Being a Disruptive Force in Healthcare

As snow began to fall on the nation’s capital yesterday morning, attendees at the National Business Group on Health’s Business Health Agenda 2015 conference were inside the J.W. Marriott (Washington) intently listening to NBGH President and CEO Brian Marcotte lay out the challenges and opportunities that lie ahead for healthcare in 2015—and beyond.

452031437During his talk, Marcotte touched on the “disruption” occurring in healthcare today and praised employers for the role they’re playing in “driving innovation.” He described those employers that are leading the way with such innovations as “disrupters.”

“Disruption” is certainly as good a word as any to describe what’s taking place in healthcare today.

No surprise that Marcotte — who was vice president of compensation and benefits at Honeywell for roughly 12 years before replacing Helen Darling as NBGH president and CEO last May — pointed to the Affordable Care Act as healthcare’s biggest disruptive force.

Six years ago, Marcotte said, “[w]hen the CEO would ask the question, ‘Why don’t we just get out of healthcare?’ the answer was simple [because] there was no place for people to go to purchase affordable, high-quality healthcare. Well, the answer is not as simple today.”

Nowadays, he explained, there are several options, including staying the course, private exchanges and public exchanges. As things stand today, he said, “staying the course” continues to be the most efficient way to deliver to employees affordable healthcare. As he explained it,  “[w]e haven’t seen good and consistent data” to suggest otherwise.

At the end of the day, Marcotte added, it all comes down to value and whether or not private exchanges can deliver greater value than today’s self-insured model.

During a session later in the morning, Julie Stone, North America health and group benefits leader for Towers Watson, shared, for the first time, the results of her company’s just-completed 2015 Emerging Trends in Health Care Survey. Among the findings: While 17 percent of 444 employer respondents believe private exchanges provide a viable alternative for employer-sponsored coverage for active full-time employees in 2016, confidence in the approach builds to 37 percent by 2018.

In addition, the Towers Watson study found companies that have done extensive analyses of private exchanges are twice as likely to consider them a viable option in 2016 (29 percent versus 14 percent).

Despite this somewhat promising data, Marcotte said, employers aren’t going to embrace private exchanges until they see more data suggesting it’s the right move to make.

Early on in his remarks, Marcotte emphasized the need for more data, recalling an episode at Honeywell when CEO David Cote put him on the spot at a meeting to back up a statement he made with meaningful data.

CEOs make their decisions based on data, Marcotte said. But with the exception of cost, he continued, the data needed to make the right healthcare decisions aren’t available yet.

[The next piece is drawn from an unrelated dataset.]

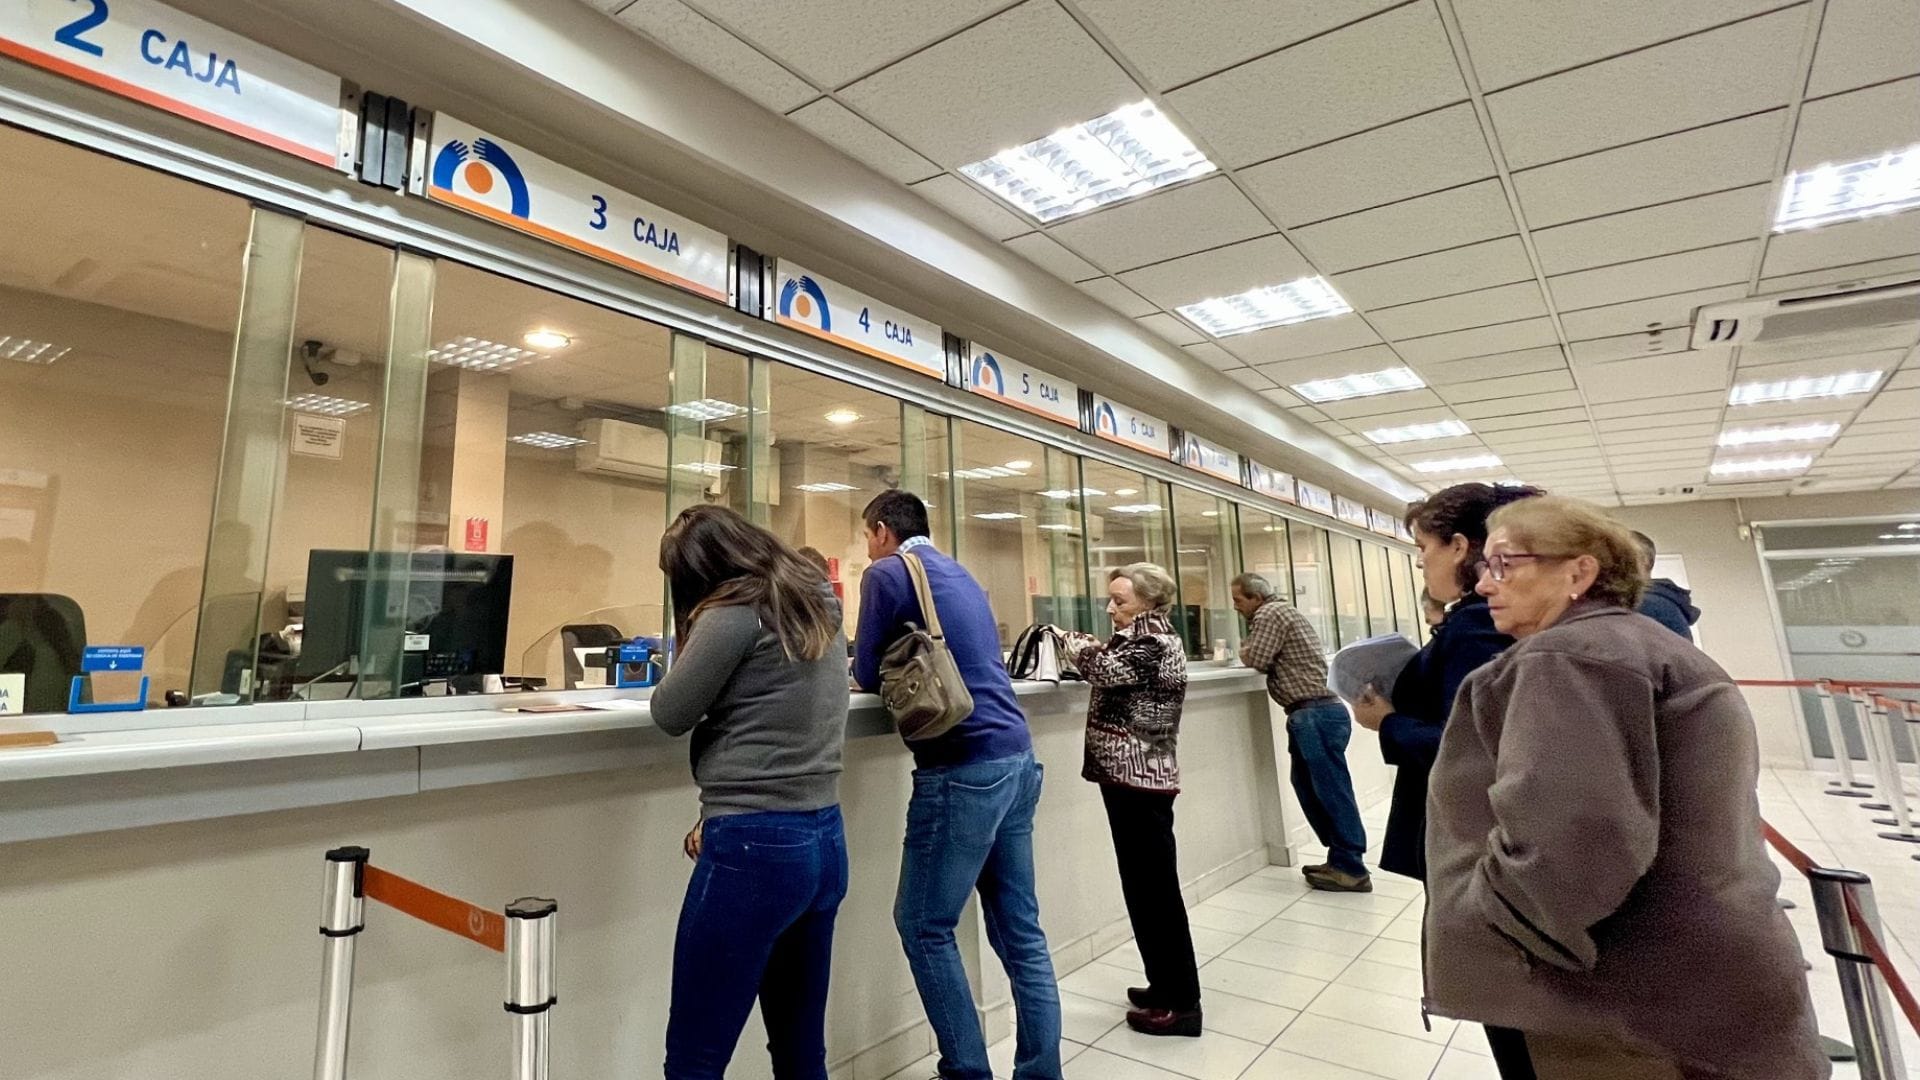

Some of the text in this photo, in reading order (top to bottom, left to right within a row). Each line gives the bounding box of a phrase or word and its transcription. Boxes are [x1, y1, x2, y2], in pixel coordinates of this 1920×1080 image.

In his talk, Marcotte also touched on other disrupters, such as the industry consolidation that’s going on in healthcare. “When will we begin to see the synergies from the consolidation?” he asked.

Another disrupter: emerging delivery models, such as accountable-care organizations. Despite an “explosion” in the number of these organizations, he said, the jury is still out as to “what to make of it.”

“Employers,” he said, “need to know what they’re buying.”

In other words, he said, they need to understand the “value” they’re getting.

As he put it, if you’re going to go to your CEO and say, “We’re going to change the plan design and encourage people to go to ACOs,” that CEO is going to respond, “Why? What’s the value proposition?”

So be ready for that question. And, I would think, be ready with the required data to back your proposal up, because you know you’re going to need it.